For the following described analysis, commonly detected DEGs identified by both normalization methods were used. We chose to analyze only those genes found significant by both methods to focus our analysis on the most analytically robust DEGs. Using Blast2GO v3.1 [83], DEGs were assigned gene ontology (GO) terms for ‘biological process’, ‘cellular component’ and ‘molecular function’. The KAAS, Kyoto Encyclopedia of Genes and Genomes (KEGG) automatic annotation server [84, 85] was used for pathway analysis, focused on signalling and hormone pathways related to the immune response.

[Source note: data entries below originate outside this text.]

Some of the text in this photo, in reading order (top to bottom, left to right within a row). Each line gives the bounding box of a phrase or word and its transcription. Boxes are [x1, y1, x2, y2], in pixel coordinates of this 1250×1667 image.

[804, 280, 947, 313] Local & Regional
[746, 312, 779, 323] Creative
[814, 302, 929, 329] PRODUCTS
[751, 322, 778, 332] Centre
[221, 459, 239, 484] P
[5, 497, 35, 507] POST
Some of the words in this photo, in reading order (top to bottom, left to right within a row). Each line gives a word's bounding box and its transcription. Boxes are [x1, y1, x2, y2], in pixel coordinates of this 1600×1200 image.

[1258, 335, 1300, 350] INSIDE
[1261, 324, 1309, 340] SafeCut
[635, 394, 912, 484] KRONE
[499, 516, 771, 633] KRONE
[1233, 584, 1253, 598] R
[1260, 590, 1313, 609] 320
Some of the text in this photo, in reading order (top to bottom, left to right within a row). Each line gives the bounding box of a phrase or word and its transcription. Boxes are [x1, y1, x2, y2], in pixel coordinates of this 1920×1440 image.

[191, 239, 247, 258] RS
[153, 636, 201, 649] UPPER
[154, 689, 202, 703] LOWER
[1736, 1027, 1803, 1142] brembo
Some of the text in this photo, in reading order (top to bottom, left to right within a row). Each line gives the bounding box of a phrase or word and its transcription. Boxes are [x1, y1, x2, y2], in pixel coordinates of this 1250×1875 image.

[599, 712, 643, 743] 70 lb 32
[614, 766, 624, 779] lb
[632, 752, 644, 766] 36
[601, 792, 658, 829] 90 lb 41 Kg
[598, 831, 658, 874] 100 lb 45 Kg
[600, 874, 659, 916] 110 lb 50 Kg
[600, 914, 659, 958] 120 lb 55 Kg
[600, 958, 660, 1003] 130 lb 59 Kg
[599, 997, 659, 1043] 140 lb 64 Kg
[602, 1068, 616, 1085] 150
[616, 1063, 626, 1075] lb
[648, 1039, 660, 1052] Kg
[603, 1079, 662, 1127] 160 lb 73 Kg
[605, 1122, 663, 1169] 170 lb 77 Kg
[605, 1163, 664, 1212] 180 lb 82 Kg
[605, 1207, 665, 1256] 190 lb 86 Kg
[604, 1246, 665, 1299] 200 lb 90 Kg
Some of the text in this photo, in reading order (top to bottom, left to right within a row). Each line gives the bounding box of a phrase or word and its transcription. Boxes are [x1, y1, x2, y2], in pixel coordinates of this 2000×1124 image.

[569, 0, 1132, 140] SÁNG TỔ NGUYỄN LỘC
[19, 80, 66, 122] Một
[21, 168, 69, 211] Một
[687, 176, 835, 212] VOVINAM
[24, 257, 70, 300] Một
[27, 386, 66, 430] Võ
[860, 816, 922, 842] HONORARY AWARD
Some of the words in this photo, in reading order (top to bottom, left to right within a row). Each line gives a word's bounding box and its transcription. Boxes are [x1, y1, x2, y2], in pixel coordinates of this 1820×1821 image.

Real-time quantitative PCR validation of RNA-Seq data

The same samples used in RNA-Seq (n = 2 pools of 5 fish per growth response group/treatment) were subjected to qPCR validation for a subset of DEGs. First-strand cDNA was synthesized from total RNA (0.5 μg) using the High Capacity cDNA synthesis kit with RNase inhibitor (Applied Biosystem, Foster City, CA, USA). Primers for qPCR (Additional file 3: Table S3) were designed with sequences from the coho salmon transcriptome [84] and checked for secondary structures using NetPrimer (http://www.premierbiosoft.com). All pairs of primers were validated for specificity by electrophoresis to confirm the expected amplicon size. Quantitative PCR (qPCR) was performed using 10 μl of Fast SYBR Green Master Mix (Invitrogen) with 0.2 μM/l of each primer, 5 μl of 20-fold diluted cDNA and nuclease-free water (Gibco, Carlsbad, CA) to a final volume of 20 μl in 96-well plates (Applied Biosystem, Forster City, CA). The reaction was performed in triplicate using the 75 Fast Real time PCR System (Applied Biosystem) with the reaction conditions: 95 °C/10 min; 40–45 cycles of 95 °C/2 s, 60 °C/15 s, 72 °C/33 s. After qPCR, a melt curve analysis was performed to verify the presence of a single amplicon peak. Levels of mRNA were calculated relative to the Ct value obtained for the reference gene (Ubiquitin) using the 2-ΔΔCt method [86]. Ubiquitin was chosen for normalization as it possessed the most stable mRNA levels for the growth response and treatment groups among three potential reference genes examined [β-actin, Ef-1a and Ubiquitin (Additional file 3: Table S3)]. This normalization procedure accounts for differences in the proportion of mRNA relative to total RNA in a cell among groups.

qPCR validation

qPCR analysis was performed for 8 early response and immune-associated genes (encoding Mx2 protein, Serum amyloid A-5 protein, Interleukin-8, Hepcidin, Radical S-adenosyl methionine domain-containing protein 2 precursor, Immune-responsive gene 1 protein homolog, TNF receptor superfamily member 5A, and MHC class I alpha chain) in order to supplement and validate RNA-Seq analysis (Additional file 4: Figure S1).